Thursday, January 15, 2026

A Visit to Arnside

I have a fondness for old, long out-of-date town and district guides, found in boxes in bookshops and at book fairs. They have the interest of minor provincial history, the sort that gets left out of the more sonorous studies of grand events. There are often quaint sidelights of lore or legend, and they conjure up a lost time. For example, in one, for a district in Sussex, I found an advertisement for a tea house with a previously unrecorded model village, which set me wondering what became of it. 

 If you enjoy interwar mystery novels, the sort of story where a stranger turns up in a far-flung place, perhaps to convalesce, and becomes involved in strange goings-on, well, these guides can give you an exact, contemporary picture of just such settings. The design, with its Arts & Crafts flourishes, or even sleek Art Deco lettering, can also be redolent of its time. 

Here, for example, is a guide in tattered terracotta wrappers entitled Arnside, At the Foot of Lakeland, An Ideal Holiday and Health Resort, Official Guide 1929, and on the half-title, A Short Sketch of Arnside, with a note that it is printed and published by The Arnside Advancement Association ‘with indebtedness to Mr. J.D. Wilson’ for his words and pictures.

Arnside is a coastal village on the Kent estuary, which is not in Kent, but in North West England, on the cusp of Lancashire and Westmorland. Most of the time it looks out onto a great expanse of wet sand, often treacherous, which can only be crossed with a guide. There is a solitary rocky outcrop, Chapel Island: sometimes, emerging from mist, this seems to hover in an insubstantial silver void, not quite in this world. At certain high tides, a great rolling roil of sea, the Arnside Bore, swoops swiftly across the bay.

From the village, a narrow railway bridge crosses the estuary to genteel Grange-over-Sands, with its promenade, pleasure gardens and tea shops. Arnside itself is noted for wooded knolls rising above the town, offering staunch walks and grand views, yet it is not all that well-known: visitors do not often divert here from the Lakes. The guide says: ‘Arnside is the lodge at one of the principal entrance gates of Westmorland . . . and at its back there lurk unsuspected depths of sweet seclusion.’ It has a slightly ominous air to it, that lurking. 

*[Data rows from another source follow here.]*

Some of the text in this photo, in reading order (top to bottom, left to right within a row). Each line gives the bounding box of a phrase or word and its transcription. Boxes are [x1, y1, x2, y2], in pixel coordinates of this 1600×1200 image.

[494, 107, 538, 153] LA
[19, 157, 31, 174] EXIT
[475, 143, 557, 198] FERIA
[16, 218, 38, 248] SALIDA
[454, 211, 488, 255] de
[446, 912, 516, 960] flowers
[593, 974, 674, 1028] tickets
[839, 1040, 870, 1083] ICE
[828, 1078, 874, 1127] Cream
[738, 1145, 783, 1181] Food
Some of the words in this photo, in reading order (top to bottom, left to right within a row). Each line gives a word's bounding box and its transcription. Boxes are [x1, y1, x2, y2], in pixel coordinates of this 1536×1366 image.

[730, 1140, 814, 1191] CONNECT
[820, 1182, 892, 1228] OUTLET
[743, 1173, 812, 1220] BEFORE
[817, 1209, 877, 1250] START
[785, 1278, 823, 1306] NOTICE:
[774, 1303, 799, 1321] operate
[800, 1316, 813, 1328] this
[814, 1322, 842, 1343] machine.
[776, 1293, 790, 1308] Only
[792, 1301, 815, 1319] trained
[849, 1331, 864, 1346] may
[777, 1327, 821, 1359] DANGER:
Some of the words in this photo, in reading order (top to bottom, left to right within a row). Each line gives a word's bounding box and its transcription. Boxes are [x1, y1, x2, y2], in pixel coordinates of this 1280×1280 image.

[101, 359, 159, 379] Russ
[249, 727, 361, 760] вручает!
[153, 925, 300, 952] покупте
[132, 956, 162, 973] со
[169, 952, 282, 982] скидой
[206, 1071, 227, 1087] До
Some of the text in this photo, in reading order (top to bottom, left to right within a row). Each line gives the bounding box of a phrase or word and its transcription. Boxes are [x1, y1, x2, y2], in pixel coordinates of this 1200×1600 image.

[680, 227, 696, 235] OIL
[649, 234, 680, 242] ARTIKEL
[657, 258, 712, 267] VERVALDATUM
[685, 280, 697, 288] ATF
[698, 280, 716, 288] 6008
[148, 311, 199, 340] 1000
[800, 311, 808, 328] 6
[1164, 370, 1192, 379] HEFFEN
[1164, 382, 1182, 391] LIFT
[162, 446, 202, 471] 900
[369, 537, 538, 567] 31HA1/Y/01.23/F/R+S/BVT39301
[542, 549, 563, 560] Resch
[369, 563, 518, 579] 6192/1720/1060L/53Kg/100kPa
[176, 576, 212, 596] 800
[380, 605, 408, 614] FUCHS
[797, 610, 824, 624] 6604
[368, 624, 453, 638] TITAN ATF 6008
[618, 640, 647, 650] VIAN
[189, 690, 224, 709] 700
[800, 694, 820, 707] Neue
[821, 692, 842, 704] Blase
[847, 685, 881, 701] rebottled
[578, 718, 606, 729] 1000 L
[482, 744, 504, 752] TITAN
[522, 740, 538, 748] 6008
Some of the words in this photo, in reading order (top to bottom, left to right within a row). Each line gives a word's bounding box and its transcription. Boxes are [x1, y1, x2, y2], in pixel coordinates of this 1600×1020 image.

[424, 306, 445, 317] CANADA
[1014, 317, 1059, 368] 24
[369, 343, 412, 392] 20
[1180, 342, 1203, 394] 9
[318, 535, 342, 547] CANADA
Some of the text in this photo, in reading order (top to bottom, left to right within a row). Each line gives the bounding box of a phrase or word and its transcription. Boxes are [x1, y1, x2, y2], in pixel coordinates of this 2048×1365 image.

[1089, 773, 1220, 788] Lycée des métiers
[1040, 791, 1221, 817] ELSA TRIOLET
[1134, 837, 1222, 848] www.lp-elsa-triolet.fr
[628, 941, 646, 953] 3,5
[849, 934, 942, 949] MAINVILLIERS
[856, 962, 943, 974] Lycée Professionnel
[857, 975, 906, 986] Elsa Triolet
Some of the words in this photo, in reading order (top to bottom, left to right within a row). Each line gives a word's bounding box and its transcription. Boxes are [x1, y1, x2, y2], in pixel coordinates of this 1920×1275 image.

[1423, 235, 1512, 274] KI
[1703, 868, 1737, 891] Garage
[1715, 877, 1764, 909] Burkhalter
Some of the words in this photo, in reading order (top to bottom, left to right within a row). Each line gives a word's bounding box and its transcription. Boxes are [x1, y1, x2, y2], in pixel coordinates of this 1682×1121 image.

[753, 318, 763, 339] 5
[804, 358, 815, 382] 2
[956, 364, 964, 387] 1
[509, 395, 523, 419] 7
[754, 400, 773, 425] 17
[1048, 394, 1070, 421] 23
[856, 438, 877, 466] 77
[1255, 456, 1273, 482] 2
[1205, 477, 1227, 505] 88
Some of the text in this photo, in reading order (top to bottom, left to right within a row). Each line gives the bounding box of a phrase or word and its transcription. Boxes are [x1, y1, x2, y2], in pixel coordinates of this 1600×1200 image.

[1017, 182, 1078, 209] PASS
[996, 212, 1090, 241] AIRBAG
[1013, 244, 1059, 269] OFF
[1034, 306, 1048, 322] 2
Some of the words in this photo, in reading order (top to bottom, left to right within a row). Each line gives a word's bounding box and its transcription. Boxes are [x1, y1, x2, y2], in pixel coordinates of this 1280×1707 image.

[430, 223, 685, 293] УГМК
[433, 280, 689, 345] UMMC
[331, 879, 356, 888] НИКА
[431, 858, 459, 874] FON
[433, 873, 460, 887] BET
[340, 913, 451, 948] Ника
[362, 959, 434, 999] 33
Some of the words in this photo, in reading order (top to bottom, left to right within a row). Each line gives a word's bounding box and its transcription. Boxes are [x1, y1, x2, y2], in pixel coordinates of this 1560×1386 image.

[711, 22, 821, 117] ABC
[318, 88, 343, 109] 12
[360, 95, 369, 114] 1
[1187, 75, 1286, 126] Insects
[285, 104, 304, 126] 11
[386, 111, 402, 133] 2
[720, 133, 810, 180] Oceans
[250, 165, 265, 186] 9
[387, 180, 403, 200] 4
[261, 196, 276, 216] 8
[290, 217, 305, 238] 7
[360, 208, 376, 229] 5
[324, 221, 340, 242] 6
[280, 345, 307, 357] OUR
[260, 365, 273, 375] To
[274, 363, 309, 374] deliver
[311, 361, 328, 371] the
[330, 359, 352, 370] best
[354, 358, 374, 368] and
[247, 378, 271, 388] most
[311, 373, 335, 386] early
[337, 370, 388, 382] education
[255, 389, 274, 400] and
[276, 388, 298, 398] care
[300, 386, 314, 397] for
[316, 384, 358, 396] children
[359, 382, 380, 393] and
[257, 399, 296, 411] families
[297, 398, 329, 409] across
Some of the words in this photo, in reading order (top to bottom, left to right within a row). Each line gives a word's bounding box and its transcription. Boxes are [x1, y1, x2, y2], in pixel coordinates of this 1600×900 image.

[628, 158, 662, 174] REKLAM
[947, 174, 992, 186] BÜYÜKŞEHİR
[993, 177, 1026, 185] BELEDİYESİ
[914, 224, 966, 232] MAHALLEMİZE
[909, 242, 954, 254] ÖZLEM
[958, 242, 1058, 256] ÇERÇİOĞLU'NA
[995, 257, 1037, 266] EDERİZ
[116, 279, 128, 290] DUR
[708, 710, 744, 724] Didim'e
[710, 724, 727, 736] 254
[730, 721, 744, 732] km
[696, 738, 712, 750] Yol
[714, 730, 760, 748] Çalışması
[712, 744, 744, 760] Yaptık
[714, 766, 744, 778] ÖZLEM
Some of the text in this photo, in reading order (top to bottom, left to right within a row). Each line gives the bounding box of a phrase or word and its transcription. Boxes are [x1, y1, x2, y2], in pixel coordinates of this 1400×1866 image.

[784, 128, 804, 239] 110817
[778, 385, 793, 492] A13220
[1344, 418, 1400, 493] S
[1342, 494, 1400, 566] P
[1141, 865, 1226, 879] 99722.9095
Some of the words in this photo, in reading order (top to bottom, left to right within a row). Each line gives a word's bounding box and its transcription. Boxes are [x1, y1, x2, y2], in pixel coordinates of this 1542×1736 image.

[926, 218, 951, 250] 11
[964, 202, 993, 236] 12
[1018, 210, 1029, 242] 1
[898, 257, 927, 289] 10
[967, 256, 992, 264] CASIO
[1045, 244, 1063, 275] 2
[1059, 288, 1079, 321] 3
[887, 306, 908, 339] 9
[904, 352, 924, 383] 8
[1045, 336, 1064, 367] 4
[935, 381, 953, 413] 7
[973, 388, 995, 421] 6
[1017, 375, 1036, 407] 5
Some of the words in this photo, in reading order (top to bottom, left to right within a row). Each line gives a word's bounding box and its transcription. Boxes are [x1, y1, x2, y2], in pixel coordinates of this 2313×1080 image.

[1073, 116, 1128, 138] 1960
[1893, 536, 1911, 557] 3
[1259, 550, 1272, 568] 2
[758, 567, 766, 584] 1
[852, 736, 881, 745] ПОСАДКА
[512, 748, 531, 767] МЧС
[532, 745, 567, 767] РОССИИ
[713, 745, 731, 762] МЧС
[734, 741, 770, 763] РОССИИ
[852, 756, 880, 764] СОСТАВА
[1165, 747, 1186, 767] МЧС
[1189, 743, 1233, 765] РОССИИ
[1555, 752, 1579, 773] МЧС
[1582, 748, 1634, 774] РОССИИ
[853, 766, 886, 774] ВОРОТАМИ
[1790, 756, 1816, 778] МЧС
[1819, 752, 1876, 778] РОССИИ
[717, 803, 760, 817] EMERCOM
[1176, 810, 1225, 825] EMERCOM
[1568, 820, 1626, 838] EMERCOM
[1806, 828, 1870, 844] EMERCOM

This impression is fortified by a piece of word-painting in the manner of Arthur Machen about the end of an autumn day here: ‘when the sun had disappeared . . . the water in the channel seemed transformed to glowing molten metal . . . appearing to bubble when the breeze ruffled it, as steel bubbles in a Siemen’s furnace . . .the hull of a boat on the edge of this fiery stream was jet black, and a flag-pole and the branches of some trees were thrown into the same sharp black relief against the sky, but the windows of the houses on the front were all kindled into flame, and even the paint of the seats on the promenade caught and flashed back the gleam’. The transmogrification of a seaside bench! Even so, we are allured.

Where should we stay? With Mrs Thornton of Willowfield; Mrs Monk of Hare Hill; Mrs Vickers of Hazel Grove; the Misses Dodgson of The Laurels; or Mrs Davies of Kirk Bank (Near the Station)? They all sound highly respectable and yet with a hint of a Walter de la Mare story about them. And where to eat? The Dainty Café on Arnside Hill (‘Noted for Ices’); or The Green Café in Silverdale Road (‘High Class Bakers and Confectioners’). What about gifts? Well, there is The Arts and Crafts Depot at Sunnycote, ‘for Choice & Distinctive Art Goods . . . Things Not Found Elsewhere We Offer to Visitors’. What sort of things, exactly, we wonder, rather uneasily. However, reassurance returns with the advertisement for J.D. Wilson, Bookseller Stationer Newsagent Post Office. Ah, civilisation! Particularly when their emblem is a lighted candle by an opened book with the terse motto: READ MORE BOOKS.

(Mark Valentine)

. . .

The Uncertainty of All Earthly Things is low in stock at Tartarus Press

In Votive Offerings (Sarob Press), a long story, 'Roman Masks' 

The Magus of Mexico: Malcolm Lowry, Magic and Myth is available in paperback (Zagava)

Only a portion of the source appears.